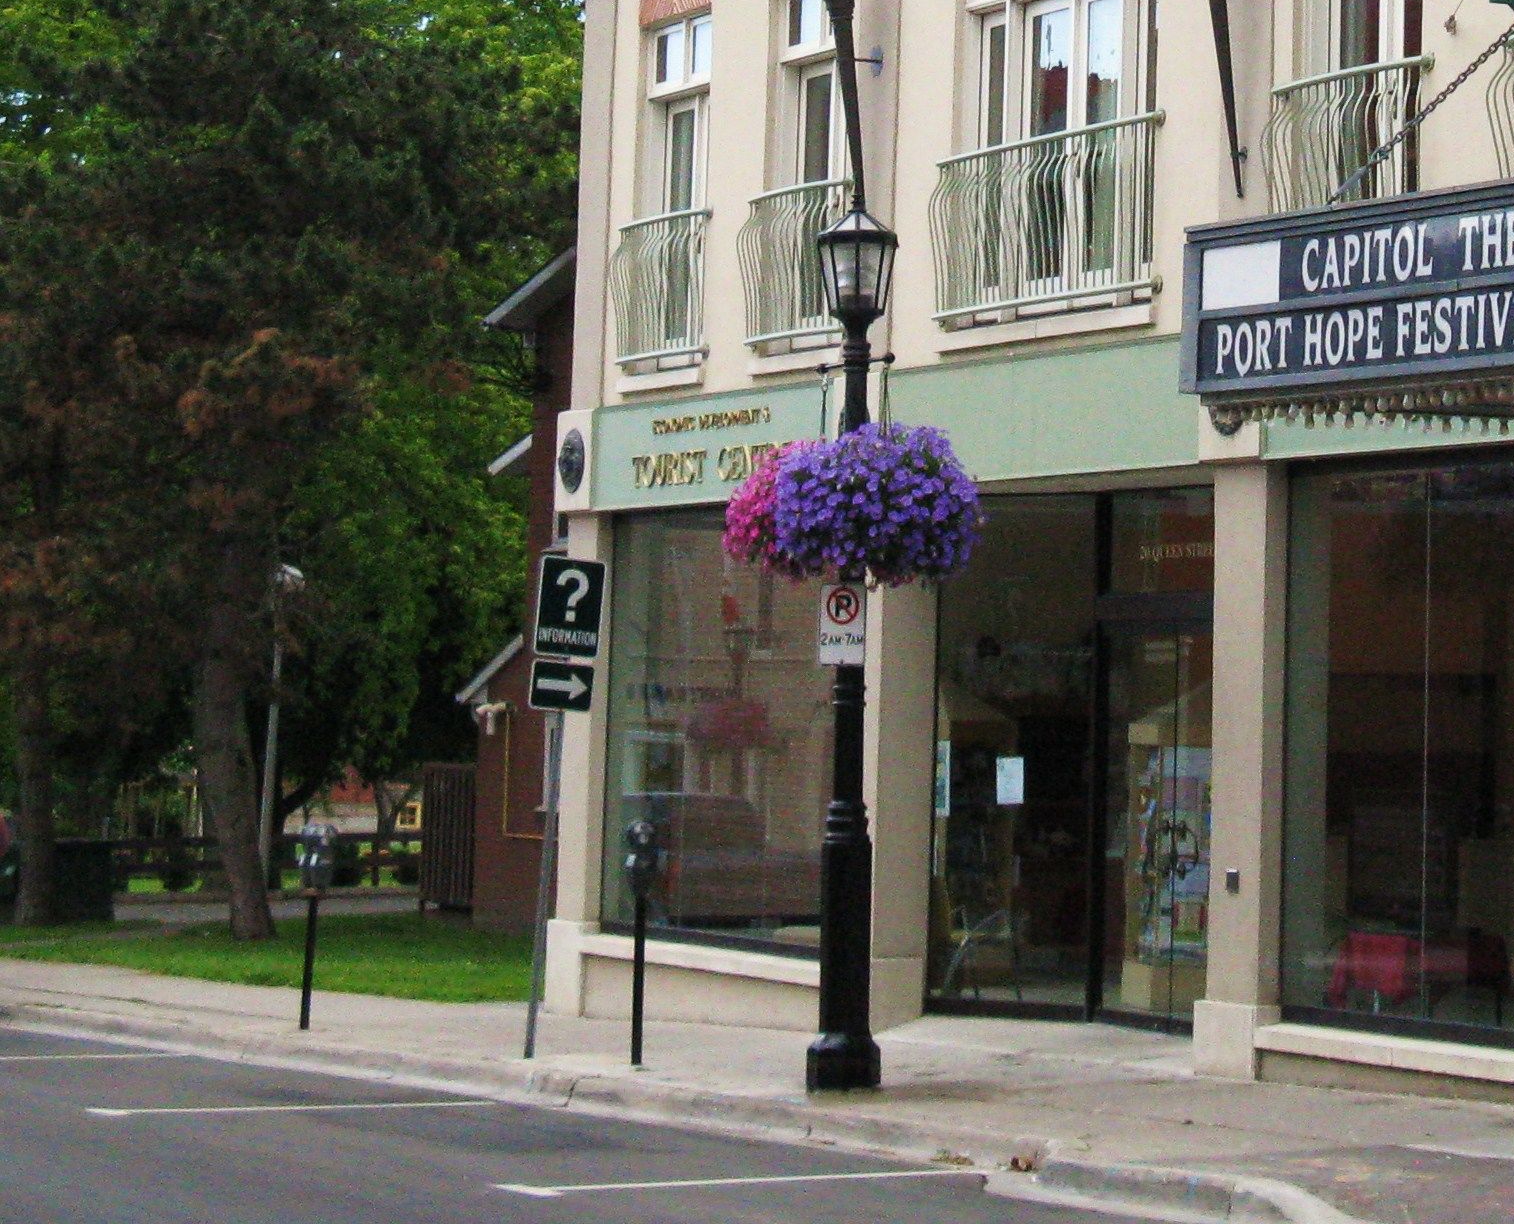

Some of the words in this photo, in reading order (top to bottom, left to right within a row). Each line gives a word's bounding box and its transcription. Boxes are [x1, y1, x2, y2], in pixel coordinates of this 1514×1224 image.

[1301, 223, 1434, 293] CAPITOL
[1215, 315, 1293, 378] PORT
[1303, 306, 1383, 367] HOPE
[537, 627, 597, 647] INFORMATION

-- -- --

No images belong in the copy. Transcribe every record exactly.

Exercise response:
Some of the words in this photo, in reading order (top to bottom, left to right within a row). Each line gives a word's bounding box and its transcription. Boxes are [x1, y1, x2, y2], in pixel coordinates of this 1514×1224 image.

[1301, 223, 1434, 293] CAPITOL
[1215, 315, 1293, 378] PORT
[1303, 306, 1383, 367] HOPE
[537, 627, 597, 647] INFORMATION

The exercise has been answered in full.